◆ Exercise ◆
Please set down, exactly, the line with "this 1288×966 image." and all lines that follow it through the end of the records below.
---- Source material
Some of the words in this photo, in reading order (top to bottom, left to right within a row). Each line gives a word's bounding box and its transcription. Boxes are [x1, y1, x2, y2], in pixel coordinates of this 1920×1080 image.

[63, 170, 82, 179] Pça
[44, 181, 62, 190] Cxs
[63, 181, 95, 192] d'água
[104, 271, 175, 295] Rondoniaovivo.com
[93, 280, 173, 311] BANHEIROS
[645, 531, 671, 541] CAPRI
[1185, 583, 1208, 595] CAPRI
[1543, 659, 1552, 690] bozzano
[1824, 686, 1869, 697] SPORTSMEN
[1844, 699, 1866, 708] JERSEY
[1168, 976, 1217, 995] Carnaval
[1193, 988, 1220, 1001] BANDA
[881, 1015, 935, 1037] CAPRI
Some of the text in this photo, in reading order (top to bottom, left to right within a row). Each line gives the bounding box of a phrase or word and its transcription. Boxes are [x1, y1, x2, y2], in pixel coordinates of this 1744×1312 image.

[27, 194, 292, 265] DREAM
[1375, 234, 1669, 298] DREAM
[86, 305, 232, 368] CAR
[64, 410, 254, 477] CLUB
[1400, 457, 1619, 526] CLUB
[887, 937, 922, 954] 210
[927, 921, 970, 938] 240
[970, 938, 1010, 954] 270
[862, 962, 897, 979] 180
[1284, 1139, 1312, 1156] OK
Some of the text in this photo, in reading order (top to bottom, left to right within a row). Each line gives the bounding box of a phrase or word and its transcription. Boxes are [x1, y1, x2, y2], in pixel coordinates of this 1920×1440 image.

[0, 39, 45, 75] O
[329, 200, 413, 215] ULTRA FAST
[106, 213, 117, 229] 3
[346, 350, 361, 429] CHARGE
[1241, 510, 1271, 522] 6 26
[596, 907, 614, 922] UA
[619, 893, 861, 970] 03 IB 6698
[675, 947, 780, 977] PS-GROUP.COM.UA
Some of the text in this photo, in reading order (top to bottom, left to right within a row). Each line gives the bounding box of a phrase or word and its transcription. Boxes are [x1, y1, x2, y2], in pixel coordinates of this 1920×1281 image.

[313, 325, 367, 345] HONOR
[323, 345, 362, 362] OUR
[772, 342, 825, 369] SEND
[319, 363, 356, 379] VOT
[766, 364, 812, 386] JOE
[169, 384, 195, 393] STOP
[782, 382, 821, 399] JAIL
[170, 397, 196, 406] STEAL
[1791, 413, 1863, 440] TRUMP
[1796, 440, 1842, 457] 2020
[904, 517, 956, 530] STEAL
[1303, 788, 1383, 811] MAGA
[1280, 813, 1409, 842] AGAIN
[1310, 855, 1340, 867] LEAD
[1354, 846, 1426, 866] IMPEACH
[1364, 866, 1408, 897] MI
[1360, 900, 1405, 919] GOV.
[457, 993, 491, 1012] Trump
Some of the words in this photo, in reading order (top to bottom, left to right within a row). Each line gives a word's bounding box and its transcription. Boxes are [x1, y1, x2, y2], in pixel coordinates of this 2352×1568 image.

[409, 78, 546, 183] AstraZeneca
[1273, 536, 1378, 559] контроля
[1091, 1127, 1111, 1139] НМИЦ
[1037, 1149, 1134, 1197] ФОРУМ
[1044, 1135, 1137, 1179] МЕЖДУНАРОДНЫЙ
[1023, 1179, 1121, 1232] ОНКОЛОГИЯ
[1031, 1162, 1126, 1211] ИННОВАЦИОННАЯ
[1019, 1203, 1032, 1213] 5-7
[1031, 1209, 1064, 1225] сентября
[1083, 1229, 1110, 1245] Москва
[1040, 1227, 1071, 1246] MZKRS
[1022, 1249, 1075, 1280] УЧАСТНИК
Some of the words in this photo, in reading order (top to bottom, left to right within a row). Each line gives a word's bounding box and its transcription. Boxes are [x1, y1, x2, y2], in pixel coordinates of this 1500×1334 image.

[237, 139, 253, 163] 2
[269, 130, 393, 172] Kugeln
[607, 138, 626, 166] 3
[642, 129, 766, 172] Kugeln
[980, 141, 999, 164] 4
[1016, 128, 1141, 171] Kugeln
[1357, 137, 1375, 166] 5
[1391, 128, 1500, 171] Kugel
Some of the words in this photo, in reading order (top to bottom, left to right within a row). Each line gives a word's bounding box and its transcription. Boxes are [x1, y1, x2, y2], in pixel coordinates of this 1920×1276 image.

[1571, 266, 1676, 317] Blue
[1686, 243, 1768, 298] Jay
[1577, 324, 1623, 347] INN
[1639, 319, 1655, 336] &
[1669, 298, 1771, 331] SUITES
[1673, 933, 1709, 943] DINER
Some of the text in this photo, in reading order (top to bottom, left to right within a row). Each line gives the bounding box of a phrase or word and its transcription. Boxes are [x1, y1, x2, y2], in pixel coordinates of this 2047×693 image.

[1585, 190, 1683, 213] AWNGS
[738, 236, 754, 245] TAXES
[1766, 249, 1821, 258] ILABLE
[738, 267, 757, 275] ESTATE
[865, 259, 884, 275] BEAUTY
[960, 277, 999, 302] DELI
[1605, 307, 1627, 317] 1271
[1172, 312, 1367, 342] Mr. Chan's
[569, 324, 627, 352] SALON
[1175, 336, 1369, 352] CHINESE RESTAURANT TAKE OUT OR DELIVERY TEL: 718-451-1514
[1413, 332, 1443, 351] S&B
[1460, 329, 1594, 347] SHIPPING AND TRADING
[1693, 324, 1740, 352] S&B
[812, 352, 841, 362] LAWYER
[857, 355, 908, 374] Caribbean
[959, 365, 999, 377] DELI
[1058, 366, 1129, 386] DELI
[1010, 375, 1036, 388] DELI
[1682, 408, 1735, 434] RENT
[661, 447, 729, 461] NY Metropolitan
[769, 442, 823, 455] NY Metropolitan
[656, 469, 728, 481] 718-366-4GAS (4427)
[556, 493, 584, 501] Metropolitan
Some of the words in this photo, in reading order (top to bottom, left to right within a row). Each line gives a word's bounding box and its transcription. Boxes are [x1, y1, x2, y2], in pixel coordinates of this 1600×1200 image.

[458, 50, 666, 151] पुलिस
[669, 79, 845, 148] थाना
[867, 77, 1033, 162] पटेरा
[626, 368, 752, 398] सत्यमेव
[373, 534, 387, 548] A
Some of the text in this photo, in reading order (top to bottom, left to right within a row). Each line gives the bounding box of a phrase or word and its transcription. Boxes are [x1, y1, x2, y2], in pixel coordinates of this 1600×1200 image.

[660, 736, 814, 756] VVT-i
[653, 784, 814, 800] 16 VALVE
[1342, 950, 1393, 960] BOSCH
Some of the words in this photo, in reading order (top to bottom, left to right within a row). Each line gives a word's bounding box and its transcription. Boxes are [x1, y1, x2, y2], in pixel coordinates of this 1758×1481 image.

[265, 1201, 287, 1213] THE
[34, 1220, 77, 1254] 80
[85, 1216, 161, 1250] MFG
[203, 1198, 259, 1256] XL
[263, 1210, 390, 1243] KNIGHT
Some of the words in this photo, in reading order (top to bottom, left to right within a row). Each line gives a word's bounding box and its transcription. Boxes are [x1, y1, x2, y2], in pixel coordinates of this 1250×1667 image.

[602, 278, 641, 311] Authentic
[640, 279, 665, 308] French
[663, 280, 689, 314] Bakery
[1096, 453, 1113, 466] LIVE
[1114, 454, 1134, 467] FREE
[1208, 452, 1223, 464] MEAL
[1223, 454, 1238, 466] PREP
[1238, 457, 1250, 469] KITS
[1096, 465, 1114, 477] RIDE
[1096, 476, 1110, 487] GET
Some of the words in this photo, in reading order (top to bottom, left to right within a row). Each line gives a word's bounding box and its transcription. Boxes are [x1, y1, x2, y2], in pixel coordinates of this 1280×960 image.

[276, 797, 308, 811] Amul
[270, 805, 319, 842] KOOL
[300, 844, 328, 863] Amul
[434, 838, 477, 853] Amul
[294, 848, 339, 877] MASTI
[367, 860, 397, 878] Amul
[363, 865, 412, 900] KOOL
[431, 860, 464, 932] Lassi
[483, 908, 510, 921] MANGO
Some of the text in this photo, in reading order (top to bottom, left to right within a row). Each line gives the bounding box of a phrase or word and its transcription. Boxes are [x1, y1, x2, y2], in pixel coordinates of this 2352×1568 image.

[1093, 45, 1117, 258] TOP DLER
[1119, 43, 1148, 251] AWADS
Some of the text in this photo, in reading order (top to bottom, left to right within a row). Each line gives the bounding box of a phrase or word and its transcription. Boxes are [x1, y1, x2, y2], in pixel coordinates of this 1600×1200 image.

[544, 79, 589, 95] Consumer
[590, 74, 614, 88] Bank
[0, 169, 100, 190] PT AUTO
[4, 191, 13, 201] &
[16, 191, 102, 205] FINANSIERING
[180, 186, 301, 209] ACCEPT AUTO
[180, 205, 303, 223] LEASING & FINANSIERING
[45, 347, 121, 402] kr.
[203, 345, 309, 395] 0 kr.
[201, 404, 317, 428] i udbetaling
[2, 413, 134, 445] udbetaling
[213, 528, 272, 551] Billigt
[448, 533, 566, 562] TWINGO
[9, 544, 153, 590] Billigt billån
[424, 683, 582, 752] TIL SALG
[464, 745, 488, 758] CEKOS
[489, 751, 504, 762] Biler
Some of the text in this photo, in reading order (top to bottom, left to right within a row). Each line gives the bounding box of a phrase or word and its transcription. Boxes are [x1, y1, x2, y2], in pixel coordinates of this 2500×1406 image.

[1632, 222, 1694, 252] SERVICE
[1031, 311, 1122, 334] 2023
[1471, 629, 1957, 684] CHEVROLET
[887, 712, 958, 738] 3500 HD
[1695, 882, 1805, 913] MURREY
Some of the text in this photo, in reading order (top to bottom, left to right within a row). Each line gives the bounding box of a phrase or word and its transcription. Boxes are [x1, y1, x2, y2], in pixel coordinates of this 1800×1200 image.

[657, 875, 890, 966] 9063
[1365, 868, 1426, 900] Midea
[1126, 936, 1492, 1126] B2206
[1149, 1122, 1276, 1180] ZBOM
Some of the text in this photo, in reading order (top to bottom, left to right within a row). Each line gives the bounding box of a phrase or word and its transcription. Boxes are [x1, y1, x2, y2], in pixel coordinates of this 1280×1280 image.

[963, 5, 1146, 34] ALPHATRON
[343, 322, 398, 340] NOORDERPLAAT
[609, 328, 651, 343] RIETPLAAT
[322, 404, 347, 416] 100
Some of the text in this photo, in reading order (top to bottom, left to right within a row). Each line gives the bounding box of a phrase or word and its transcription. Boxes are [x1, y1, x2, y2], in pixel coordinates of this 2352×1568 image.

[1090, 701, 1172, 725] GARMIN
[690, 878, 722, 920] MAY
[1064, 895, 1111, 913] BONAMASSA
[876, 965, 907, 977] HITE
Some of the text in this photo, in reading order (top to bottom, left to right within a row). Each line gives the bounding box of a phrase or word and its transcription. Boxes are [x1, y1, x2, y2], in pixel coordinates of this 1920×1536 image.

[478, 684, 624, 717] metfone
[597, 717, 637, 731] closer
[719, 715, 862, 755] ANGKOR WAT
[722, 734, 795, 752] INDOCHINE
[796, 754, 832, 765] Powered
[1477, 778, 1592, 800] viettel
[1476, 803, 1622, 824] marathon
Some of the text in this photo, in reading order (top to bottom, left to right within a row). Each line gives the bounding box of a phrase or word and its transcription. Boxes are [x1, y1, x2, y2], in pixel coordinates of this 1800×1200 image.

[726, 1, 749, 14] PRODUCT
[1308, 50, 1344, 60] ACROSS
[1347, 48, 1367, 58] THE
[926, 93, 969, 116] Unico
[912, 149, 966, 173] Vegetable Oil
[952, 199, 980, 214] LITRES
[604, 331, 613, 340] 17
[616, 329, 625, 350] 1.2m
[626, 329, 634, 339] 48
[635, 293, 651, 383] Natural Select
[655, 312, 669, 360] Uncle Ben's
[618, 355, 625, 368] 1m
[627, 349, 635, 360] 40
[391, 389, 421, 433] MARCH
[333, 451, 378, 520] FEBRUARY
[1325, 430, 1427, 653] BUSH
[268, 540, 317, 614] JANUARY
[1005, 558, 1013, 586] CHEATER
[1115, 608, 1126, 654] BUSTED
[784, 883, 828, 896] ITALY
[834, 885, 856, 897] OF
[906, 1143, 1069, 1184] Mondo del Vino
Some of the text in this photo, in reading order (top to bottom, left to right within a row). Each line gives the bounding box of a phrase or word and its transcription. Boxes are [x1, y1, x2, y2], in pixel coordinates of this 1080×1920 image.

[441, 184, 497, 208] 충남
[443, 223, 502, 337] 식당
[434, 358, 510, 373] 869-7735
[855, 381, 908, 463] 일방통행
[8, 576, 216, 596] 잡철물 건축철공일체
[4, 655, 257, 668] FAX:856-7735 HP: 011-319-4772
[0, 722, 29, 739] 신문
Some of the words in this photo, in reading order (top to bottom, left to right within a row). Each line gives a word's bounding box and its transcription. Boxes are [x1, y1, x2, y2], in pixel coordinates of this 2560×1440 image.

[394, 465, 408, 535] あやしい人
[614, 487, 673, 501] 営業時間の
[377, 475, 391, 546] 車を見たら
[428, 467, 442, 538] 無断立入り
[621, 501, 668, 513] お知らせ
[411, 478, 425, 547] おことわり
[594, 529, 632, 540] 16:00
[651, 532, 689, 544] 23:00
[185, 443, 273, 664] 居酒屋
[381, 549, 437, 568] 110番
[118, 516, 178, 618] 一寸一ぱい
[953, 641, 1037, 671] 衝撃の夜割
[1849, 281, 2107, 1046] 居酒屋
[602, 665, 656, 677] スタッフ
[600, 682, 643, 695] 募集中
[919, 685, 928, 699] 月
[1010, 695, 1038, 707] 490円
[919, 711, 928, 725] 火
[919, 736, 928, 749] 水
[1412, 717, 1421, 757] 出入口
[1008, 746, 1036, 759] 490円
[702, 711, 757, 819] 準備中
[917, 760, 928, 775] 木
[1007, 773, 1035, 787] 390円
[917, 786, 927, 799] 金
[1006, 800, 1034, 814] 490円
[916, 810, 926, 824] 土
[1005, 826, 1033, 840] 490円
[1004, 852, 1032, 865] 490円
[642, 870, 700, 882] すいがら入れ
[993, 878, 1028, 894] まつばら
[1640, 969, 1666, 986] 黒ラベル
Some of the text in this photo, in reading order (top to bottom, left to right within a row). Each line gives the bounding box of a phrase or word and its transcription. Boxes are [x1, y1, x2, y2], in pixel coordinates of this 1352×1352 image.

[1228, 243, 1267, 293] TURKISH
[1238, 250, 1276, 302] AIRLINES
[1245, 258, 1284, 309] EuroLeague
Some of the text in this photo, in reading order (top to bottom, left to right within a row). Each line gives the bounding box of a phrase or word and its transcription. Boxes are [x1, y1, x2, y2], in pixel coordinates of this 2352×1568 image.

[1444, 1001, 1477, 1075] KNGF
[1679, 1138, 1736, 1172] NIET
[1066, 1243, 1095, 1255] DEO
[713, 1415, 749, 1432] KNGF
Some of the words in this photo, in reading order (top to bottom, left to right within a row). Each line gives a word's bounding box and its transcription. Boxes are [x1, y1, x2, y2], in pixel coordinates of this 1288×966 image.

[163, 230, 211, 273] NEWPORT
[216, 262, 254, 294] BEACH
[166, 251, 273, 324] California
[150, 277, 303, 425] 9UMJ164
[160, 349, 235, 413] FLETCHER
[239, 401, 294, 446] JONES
--------
◆ Exercise result ◆
Some of the words in this photo, in reading order (top to bottom, left to right within a row). Each line gives a word's bounding box and its transcription. Boxes are [x1, y1, x2, y2], in pixel coordinates of this 1288×966 image.

[163, 230, 211, 273] NEWPORT
[216, 262, 254, 294] BEACH
[166, 251, 273, 324] California
[150, 277, 303, 425] 9UMJ164
[160, 349, 235, 413] FLETCHER
[239, 401, 294, 446] JONES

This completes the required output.